# Exercise brief:
Produce an exact copy of all records below.

# Records to use:
☆ ☆ ☆

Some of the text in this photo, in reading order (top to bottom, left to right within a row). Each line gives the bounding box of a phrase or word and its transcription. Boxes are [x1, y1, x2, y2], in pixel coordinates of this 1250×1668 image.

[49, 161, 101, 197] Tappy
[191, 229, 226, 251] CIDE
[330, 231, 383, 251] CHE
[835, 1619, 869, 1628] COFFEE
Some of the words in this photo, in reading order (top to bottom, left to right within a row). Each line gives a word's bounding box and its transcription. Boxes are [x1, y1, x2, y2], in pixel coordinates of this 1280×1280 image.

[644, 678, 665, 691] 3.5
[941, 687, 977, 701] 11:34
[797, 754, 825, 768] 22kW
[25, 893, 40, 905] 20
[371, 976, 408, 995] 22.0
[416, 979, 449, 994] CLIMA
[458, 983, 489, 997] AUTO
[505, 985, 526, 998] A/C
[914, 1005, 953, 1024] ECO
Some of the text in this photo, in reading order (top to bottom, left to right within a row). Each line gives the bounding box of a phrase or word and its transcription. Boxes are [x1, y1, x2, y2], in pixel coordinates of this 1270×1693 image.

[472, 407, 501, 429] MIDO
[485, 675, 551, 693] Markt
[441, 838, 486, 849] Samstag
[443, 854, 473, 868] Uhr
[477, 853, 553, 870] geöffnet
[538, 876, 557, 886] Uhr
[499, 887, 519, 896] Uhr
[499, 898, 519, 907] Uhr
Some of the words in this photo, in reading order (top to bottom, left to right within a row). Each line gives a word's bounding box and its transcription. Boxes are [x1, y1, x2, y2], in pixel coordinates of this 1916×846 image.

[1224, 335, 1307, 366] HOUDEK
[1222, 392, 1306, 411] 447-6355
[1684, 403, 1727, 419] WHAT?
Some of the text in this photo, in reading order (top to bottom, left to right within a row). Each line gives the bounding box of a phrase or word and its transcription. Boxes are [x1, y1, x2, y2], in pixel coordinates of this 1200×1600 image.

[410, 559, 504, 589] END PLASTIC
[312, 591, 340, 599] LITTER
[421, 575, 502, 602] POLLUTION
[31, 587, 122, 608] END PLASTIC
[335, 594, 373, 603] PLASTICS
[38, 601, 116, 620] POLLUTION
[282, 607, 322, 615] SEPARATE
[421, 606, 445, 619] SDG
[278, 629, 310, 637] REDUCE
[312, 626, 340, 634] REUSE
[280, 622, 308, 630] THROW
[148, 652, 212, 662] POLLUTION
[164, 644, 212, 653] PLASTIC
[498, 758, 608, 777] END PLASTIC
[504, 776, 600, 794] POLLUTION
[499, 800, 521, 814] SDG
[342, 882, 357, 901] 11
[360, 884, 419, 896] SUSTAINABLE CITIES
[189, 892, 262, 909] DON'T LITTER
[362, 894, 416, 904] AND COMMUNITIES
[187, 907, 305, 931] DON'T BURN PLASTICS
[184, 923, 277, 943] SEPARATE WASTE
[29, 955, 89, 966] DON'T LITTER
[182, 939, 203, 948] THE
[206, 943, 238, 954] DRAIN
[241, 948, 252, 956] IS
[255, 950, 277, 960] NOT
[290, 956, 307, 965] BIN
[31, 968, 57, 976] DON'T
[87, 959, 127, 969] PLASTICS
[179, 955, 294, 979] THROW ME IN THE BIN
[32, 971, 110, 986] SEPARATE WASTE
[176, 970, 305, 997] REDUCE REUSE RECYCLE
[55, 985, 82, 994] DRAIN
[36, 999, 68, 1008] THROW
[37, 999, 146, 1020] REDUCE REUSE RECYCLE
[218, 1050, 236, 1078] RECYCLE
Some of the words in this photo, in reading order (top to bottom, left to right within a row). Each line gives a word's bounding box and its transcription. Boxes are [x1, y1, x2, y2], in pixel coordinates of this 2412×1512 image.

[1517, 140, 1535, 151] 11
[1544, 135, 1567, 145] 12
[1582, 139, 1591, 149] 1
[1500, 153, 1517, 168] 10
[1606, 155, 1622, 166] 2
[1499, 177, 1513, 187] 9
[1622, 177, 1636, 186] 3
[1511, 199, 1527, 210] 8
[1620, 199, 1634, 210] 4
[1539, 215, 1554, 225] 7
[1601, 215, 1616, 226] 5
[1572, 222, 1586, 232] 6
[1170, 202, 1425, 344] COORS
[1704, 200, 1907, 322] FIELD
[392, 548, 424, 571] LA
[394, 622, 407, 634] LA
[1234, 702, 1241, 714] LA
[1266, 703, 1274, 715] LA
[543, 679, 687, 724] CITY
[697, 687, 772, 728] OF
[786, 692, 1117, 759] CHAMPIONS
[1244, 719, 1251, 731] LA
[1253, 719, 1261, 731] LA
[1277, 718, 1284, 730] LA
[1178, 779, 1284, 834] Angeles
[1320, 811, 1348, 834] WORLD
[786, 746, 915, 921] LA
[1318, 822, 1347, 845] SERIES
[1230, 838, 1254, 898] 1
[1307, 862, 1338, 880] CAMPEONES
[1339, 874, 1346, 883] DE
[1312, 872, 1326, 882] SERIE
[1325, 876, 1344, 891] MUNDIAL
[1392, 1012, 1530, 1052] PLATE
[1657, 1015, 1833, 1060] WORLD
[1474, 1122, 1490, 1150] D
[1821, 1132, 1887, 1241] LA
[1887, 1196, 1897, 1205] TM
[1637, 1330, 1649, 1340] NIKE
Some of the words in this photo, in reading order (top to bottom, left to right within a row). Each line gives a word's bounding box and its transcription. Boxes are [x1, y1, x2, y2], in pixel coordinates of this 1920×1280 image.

☆ ☆ ☆

# Result of the task:
Some of the text in this photo, in reading order (top to bottom, left to right within a row). Each line gives the bounding box of a phrase or word and its transcription. Boxes are [x1, y1, x2, y2], in pixel coordinates of this 1250×1668 image.

[49, 161, 101, 197] Tappy
[191, 229, 226, 251] CIDE
[330, 231, 383, 251] CHE
[835, 1619, 869, 1628] COFFEE
Some of the words in this photo, in reading order (top to bottom, left to right within a row). Each line gives a word's bounding box and its transcription. Boxes are [x1, y1, x2, y2], in pixel coordinates of this 1280×1280 image.

[644, 678, 665, 691] 3.5
[941, 687, 977, 701] 11:34
[797, 754, 825, 768] 22kW
[25, 893, 40, 905] 20
[371, 976, 408, 995] 22.0
[416, 979, 449, 994] CLIMA
[458, 983, 489, 997] AUTO
[505, 985, 526, 998] A/C
[914, 1005, 953, 1024] ECO
Some of the text in this photo, in reading order (top to bottom, left to right within a row). Each line gives the bounding box of a phrase or word and its transcription. Boxes are [x1, y1, x2, y2], in pixel coordinates of this 1270×1693 image.

[472, 407, 501, 429] MIDO
[485, 675, 551, 693] Markt
[441, 838, 486, 849] Samstag
[443, 854, 473, 868] Uhr
[477, 853, 553, 870] geöffnet
[538, 876, 557, 886] Uhr
[499, 887, 519, 896] Uhr
[499, 898, 519, 907] Uhr
Some of the words in this photo, in reading order (top to bottom, left to right within a row). Each line gives a word's bounding box and its transcription. Boxes are [x1, y1, x2, y2], in pixel coordinates of this 1916×846 image.

[1224, 335, 1307, 366] HOUDEK
[1222, 392, 1306, 411] 447-6355
[1684, 403, 1727, 419] WHAT?
Some of the text in this photo, in reading order (top to bottom, left to right within a row). Each line gives the bounding box of a phrase or word and its transcription. Boxes are [x1, y1, x2, y2], in pixel coordinates of this 1200×1600 image.

[410, 559, 504, 589] END PLASTIC
[312, 591, 340, 599] LITTER
[421, 575, 502, 602] POLLUTION
[31, 587, 122, 608] END PLASTIC
[335, 594, 373, 603] PLASTICS
[38, 601, 116, 620] POLLUTION
[282, 607, 322, 615] SEPARATE
[421, 606, 445, 619] SDG
[278, 629, 310, 637] REDUCE
[312, 626, 340, 634] REUSE
[280, 622, 308, 630] THROW
[148, 652, 212, 662] POLLUTION
[164, 644, 212, 653] PLASTIC
[498, 758, 608, 777] END PLASTIC
[504, 776, 600, 794] POLLUTION
[499, 800, 521, 814] SDG
[342, 882, 357, 901] 11
[360, 884, 419, 896] SUSTAINABLE CITIES
[189, 892, 262, 909] DON'T LITTER
[362, 894, 416, 904] AND COMMUNITIES
[187, 907, 305, 931] DON'T BURN PLASTICS
[184, 923, 277, 943] SEPARATE WASTE
[29, 955, 89, 966] DON'T LITTER
[182, 939, 203, 948] THE
[206, 943, 238, 954] DRAIN
[241, 948, 252, 956] IS
[255, 950, 277, 960] NOT
[290, 956, 307, 965] BIN
[31, 968, 57, 976] DON'T
[87, 959, 127, 969] PLASTICS
[179, 955, 294, 979] THROW ME IN THE BIN
[32, 971, 110, 986] SEPARATE WASTE
[176, 970, 305, 997] REDUCE REUSE RECYCLE
[55, 985, 82, 994] DRAIN
[36, 999, 68, 1008] THROW
[37, 999, 146, 1020] REDUCE REUSE RECYCLE
[218, 1050, 236, 1078] RECYCLE
Some of the words in this photo, in reading order (top to bottom, left to right within a row). Each line gives a word's bounding box and its transcription. Boxes are [x1, y1, x2, y2], in pixel coordinates of this 2412×1512 image.

[1517, 140, 1535, 151] 11
[1544, 135, 1567, 145] 12
[1582, 139, 1591, 149] 1
[1500, 153, 1517, 168] 10
[1606, 155, 1622, 166] 2
[1499, 177, 1513, 187] 9
[1622, 177, 1636, 186] 3
[1511, 199, 1527, 210] 8
[1620, 199, 1634, 210] 4
[1539, 215, 1554, 225] 7
[1601, 215, 1616, 226] 5
[1572, 222, 1586, 232] 6
[1170, 202, 1425, 344] COORS
[1704, 200, 1907, 322] FIELD
[392, 548, 424, 571] LA
[394, 622, 407, 634] LA
[1234, 702, 1241, 714] LA
[1266, 703, 1274, 715] LA
[543, 679, 687, 724] CITY
[697, 687, 772, 728] OF
[786, 692, 1117, 759] CHAMPIONS
[1244, 719, 1251, 731] LA
[1253, 719, 1261, 731] LA
[1277, 718, 1284, 730] LA
[1178, 779, 1284, 834] Angeles
[1320, 811, 1348, 834] WORLD
[786, 746, 915, 921] LA
[1318, 822, 1347, 845] SERIES
[1230, 838, 1254, 898] 1
[1307, 862, 1338, 880] CAMPEONES
[1339, 874, 1346, 883] DE
[1312, 872, 1326, 882] SERIE
[1325, 876, 1344, 891] MUNDIAL
[1392, 1012, 1530, 1052] PLATE
[1657, 1015, 1833, 1060] WORLD
[1474, 1122, 1490, 1150] D
[1821, 1132, 1887, 1241] LA
[1887, 1196, 1897, 1205] TM
[1637, 1330, 1649, 1340] NIKE
Some of the words in this photo, in reading order (top to bottom, left to right within a row). Each line gives a word's bounding box and its transcription. Boxes are [x1, y1, x2, y2], in pixel coordinates of this 1920×1280 image.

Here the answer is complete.